Al final terminas con un espacio muy funcional: arriba lo que consultas, abajo a la izquierda los archivos que revisas, y a la derecha el documento donde estás trabajando. Y de verdad, cuando lo haces por primera vez te sorprende que haya estado ahí todo este tiempo sin usarlo.
Cuatro ventanas: la cuadrícula completa para pantallas grandes
Si tienes un monitor amplio —o usas el PC conectado a un televisor, como suele hacer gente que quiere tener “un escritorio gigante”— dividir la pantalla en cuatro zonas es casi obligatorio.
Y la combinación para lograrlo es tan simple como jugar con las flechas en dos direcciones:
- Arriba + izquierda
- Arriba + derecha
- Abajo + derecha
- Abajo + izquierda
Es decir, seleccionas una ventana y pulsas Windows + Flecha izquierda + Flecha arriba y ya está en la esquina superior izquierda. Y repites el mismo procedimiento con las demás.
A mí me encanta esta distribución cuando necesito tener un vídeo arriba a la derecha, una hoja de cálculo a la izquierda, un reproductor de música abajo y, quizá, una carpeta con recursos abajo a la derecha. Suena exagerado, pero cuando tienes todo ahí, al alcance de un vistazo, entiendes el potencial real.

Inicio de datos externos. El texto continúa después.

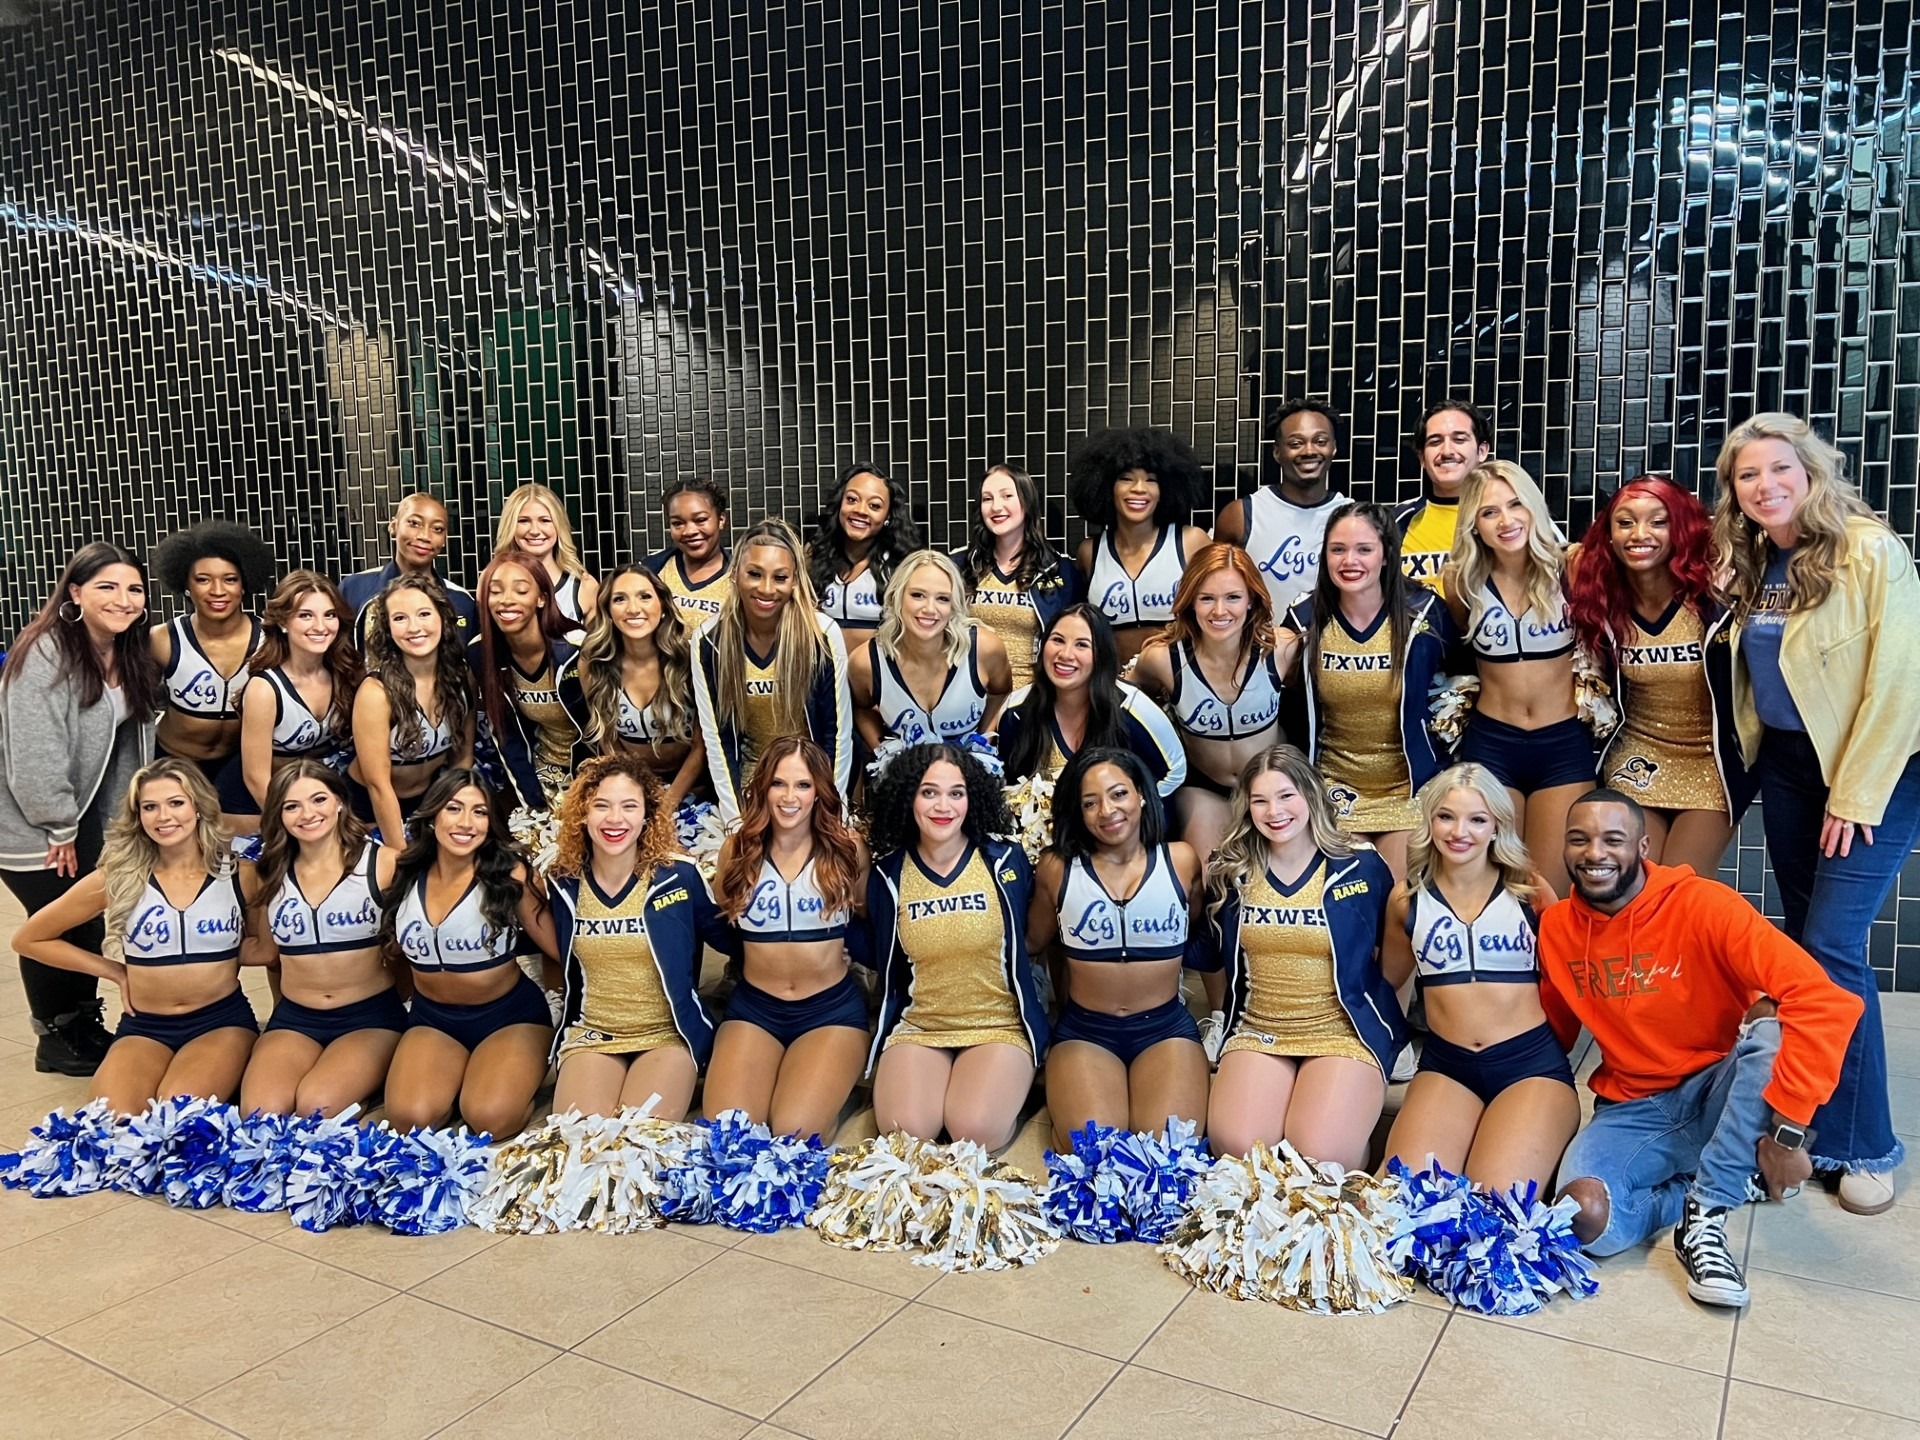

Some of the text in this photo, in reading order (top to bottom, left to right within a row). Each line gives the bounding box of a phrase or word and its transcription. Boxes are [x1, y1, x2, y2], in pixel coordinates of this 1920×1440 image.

[1258, 535, 1320, 581] Lege
[1322, 653, 1391, 671] TXWE
[652, 889, 688, 911] RAMS
[1332, 881, 1369, 901] RAMS
[908, 893, 987, 920] TXWES
[1567, 953, 1661, 998] FREE
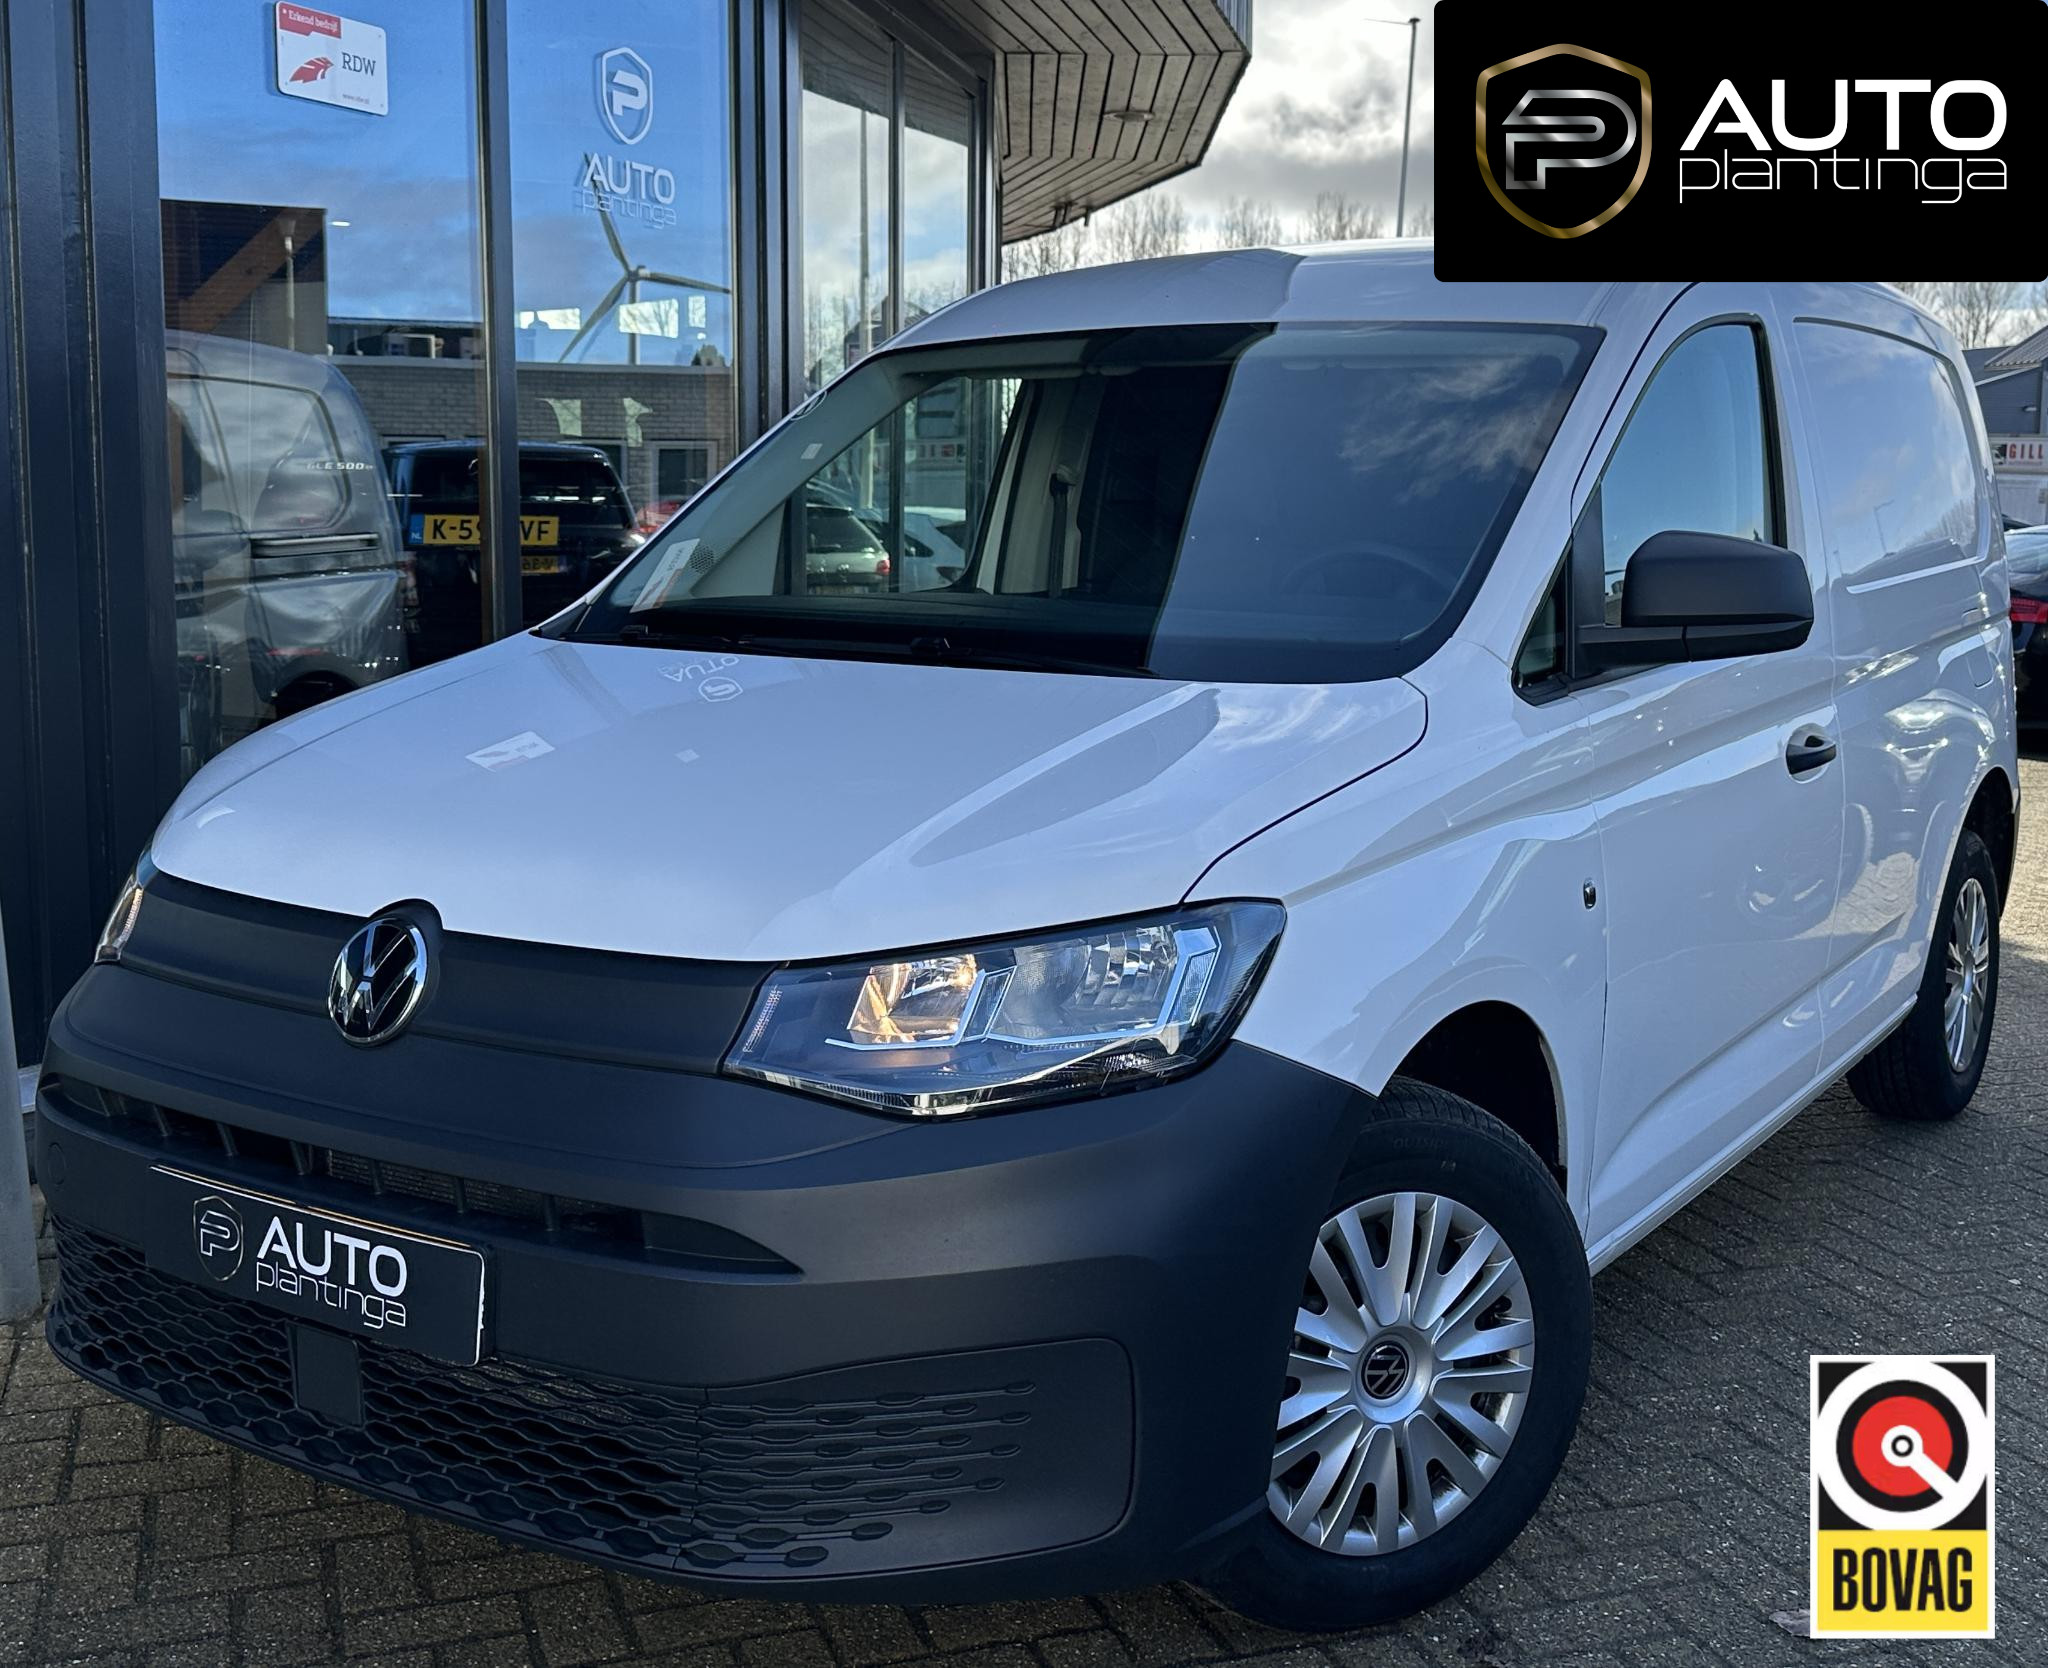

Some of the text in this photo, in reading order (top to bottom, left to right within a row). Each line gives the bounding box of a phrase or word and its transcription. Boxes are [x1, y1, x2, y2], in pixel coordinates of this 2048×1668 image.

[342, 52, 376, 76] RDW
[583, 152, 675, 204] AUTO
[2008, 443, 2043, 459] GILL
[336, 462, 364, 470] 500
[411, 532, 422, 540] NL
[257, 1216, 408, 1297] AUTO
[257, 1261, 406, 1329] plantinga
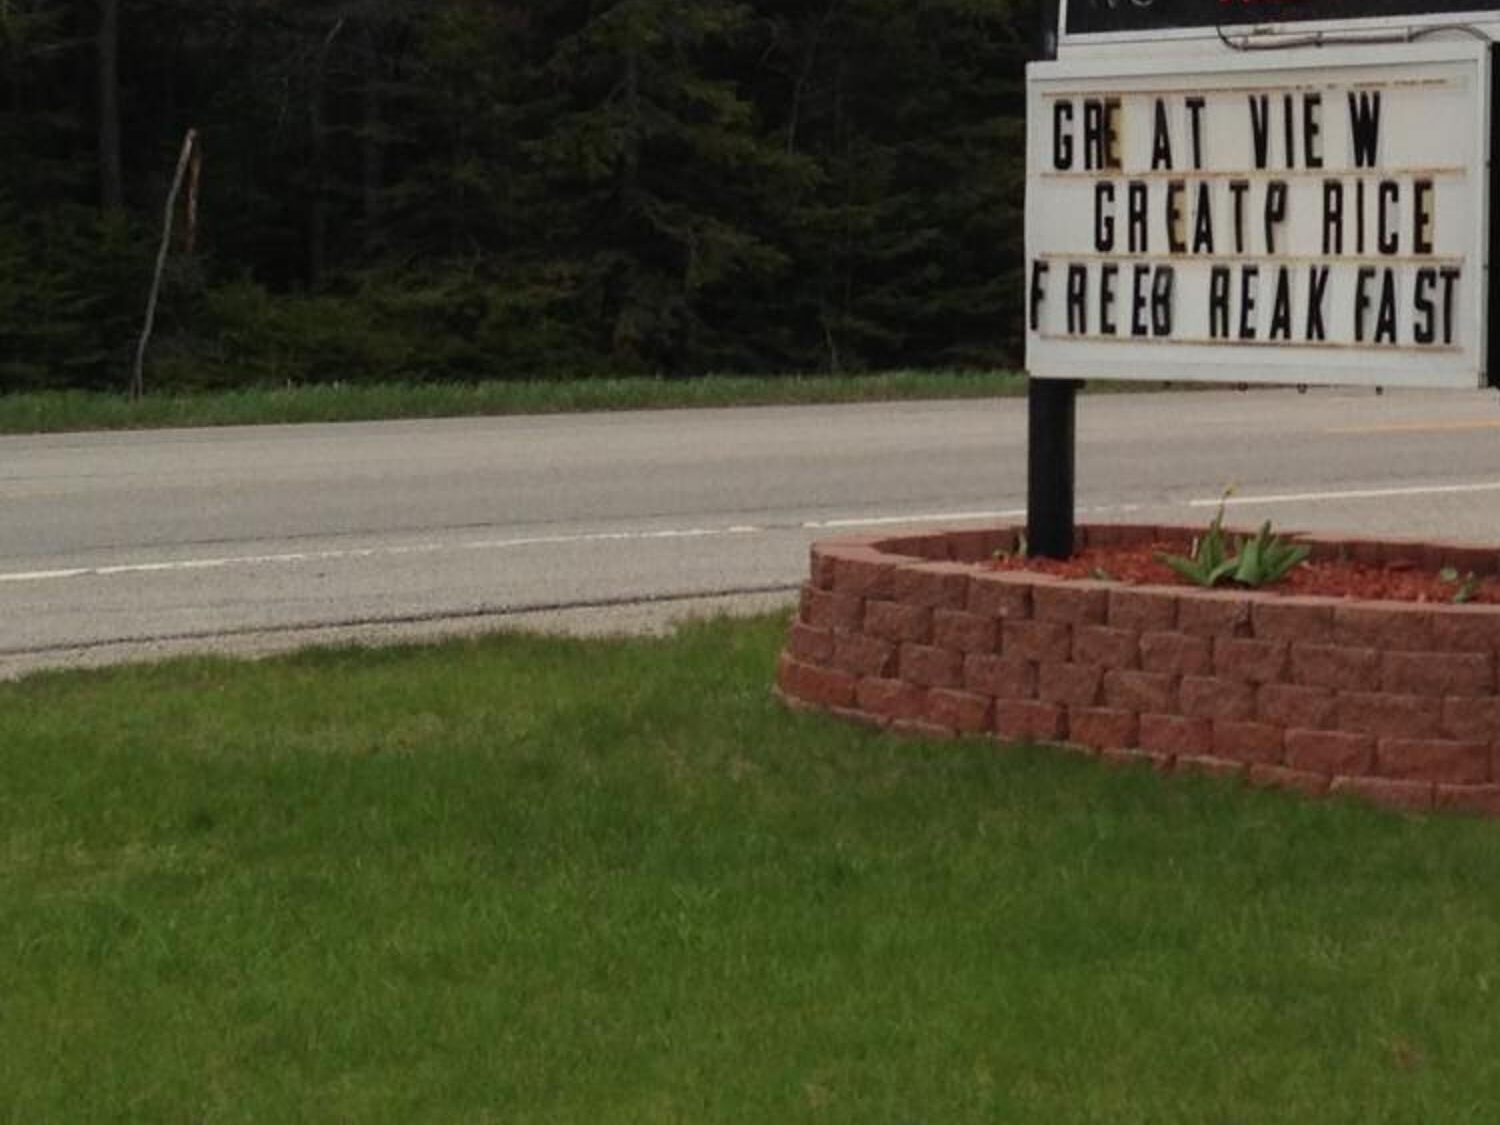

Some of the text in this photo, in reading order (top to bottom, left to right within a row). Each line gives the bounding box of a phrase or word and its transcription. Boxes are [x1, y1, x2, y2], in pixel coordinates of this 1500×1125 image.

¿Y si Windows coloca una ventana donde no querías? Tranquilo, tiene arreglo
A veces Windows intenta “adivinar” lo que quieres y acomoda una ventana en un sitio que no te convence. Me pasa mucho cuando trabajo rápido y abro varias cosas a la vez. Por suerte, hay un truco muy simple: basta con pulsar Windows + Abajo y luego Windows + Arriba para que la ventana vuelva a su posición ideal, casi como si la reiniciaras visualmente.
Una función simple que transforma tu forma de trabajar
No necesitas aprender diez atajos nuevos ni instalar ningún programa. Con una única tecla y cuatro flechas puedes reorganizar tu escritorio, ya sea de Windows 10 o Windows 11 de una forma que, honestamente, cambia por completo la manera de trabajar con varias aplicaciones abiertas. Es rápido, es limpio y, lo más curioso, es que lleva años ahí esperando a que la gente deje de arrastrar ventanas como en 2005.